Slawomir Mrozek est l’un des plus célèbres dramaturges polonais né en 1930 et décédé en 2013. Cette courte anecdote est tirée de son recueil de nouvelles, le Mrozek de poche édité aux Editions Noir sur Blanc en 2009. Nous la reproduisons avec l’aimable accord de la maison d’édition.
Une nuit à l’hôtel
J’étais sur le point de m’endormir lorsque j’entendis, venant de l’autre côté du mur, un bruit sourd et fort.
“Bon, ça y est, ça va commencer maintenant, me dis-je. Ce sera exactement comment dans l’anecdote connue : le voisin enlève une chaussure et la laisse tomber sur le plancher. Maintenant je ne m’endormirai pas tant qu’il n’aura pas enlevé la seconde, et je peux attendre comme cela pendant longtemps.“
Quel ne fut pas donc mon soulagement quand, peu de temps après, j’entendis le second bruit sourd.
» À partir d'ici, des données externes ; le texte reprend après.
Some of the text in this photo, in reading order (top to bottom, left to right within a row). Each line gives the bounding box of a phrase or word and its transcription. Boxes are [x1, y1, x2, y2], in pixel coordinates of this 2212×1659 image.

Je m’endormis, lorsque retentit une troisième fois derrière le mur le bruit de chute, qui me coupa l’envie de dormir.
Je ne m’attendais pas à cela. Mon voisin avait-il donc trois pieds ? Impossible. Avait-il remis une chaussure qu’il aurait ensuite enlevée de nouveau ? C’était peu probable. Alors, de toute évidence, j’avais deux voisins.
Ma torture ne fit que commencer, exactement comme je l’avais prévu. La seule chose qui me permit detenir, c’était l’espoir qu’il allait devoir quand même enlever sa chaussure à un moment ou à un autre. Or, la nuit avançait, et le deuxième, c’est à dire le quatrième bruit se faisait attendre et attendre.
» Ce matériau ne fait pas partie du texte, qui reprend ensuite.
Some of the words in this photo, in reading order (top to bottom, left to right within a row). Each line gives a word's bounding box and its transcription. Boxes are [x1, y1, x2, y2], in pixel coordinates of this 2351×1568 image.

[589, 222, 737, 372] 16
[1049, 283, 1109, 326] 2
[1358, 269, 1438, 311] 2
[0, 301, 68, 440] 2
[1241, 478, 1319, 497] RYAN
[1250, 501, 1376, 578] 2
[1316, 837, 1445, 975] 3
Je ne fermai pas l’œil de la nuit et au matin je descendis prendre mon petit déjeuner, complètement exténué. Je rencontrai mon voisin. Je cherchai le second de tous les côtés, mais il n’était pas là, il n’y avait que celui-ci. Le second avait du se coucher en état d’ivresse, et à l’heure qu’il était, il dormait avec une chaussure au pied.
“Il y a des souris chez vous ? M’interpella mon voisin. Parce que chez moi il y en a. Elles faisaient un tel vacarme que j’ai dû les faire taire à coups de chaussure“.
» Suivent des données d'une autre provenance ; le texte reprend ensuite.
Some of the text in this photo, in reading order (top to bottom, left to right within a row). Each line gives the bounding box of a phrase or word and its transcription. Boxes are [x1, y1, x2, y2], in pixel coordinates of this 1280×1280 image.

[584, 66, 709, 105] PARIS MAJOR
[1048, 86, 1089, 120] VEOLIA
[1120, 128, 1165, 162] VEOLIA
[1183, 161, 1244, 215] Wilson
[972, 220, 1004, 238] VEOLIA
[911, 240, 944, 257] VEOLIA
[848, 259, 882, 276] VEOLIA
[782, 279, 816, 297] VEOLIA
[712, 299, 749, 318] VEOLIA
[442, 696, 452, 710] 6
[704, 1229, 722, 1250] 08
A partir de ce jour-là, je cessai de penser logiquement. Une seule stupide souris est plus forte que toute la logique, et la logique, elle ne provoque que des nuits blanches.
Slawomir Mrozek,
Le Mrozek de poche
© 2009, les Editions Noir sur Blanc, CH 1003 Lausanne
Slawomir Mrozek: A night at the hotel…Hotel anecdote No. 10
A night at the hotel
I was just falling asleep when, from the other side of the wall, I heard a loud thud.
“That’s it, here we go,” I said to myself. “It’s going to be just like the well-known story: the man in the room next door takes off his shoe and drops it on the floor. I won’t be able to get to sleep now until he takes the other one off, and I could be waiting for ages.”
So I was mightily relieved when, shortly after, I heard the second thud.
I had fallen asleep, when suddenly a third sound of something falling resounded from behind the wall, dispelling any further possibility of sleep.
I wasn’t expecting that. Did the man in the room next door have three feet? Impossible. Had he put a shoe back on and then taken it off again? Unlikely. So, evidently there were two people in the room next door to me.
The torture had only just begun, exactly as I had predicted. The only thing that kept me going was the hope that, sooner or later, he was going to have to take off his shoe. The night progressed, and the second, or rather the fourth, noise kept me waiting, and waiting.
I didn’t get a wink of sleep all night and in the morning I went down for breakfast, completely exhausted. I met the man in the room next door. I looked everywhere for the second person but he was nowhere to be seen; just the one man. The second person must have gone to bed in a state of drunkenness and, given the lateness of the hour, had slept with one shoe still on.
“Have you got mice in your room?” enquired the man in the room next door. “Because I have. They were making such a racket that I had to shut them up by hitting them with my shoe.”
From that day on, I stopped thinking logically. One single stupid mouse is stronger than all logic, and logic only leads to sleepless nights.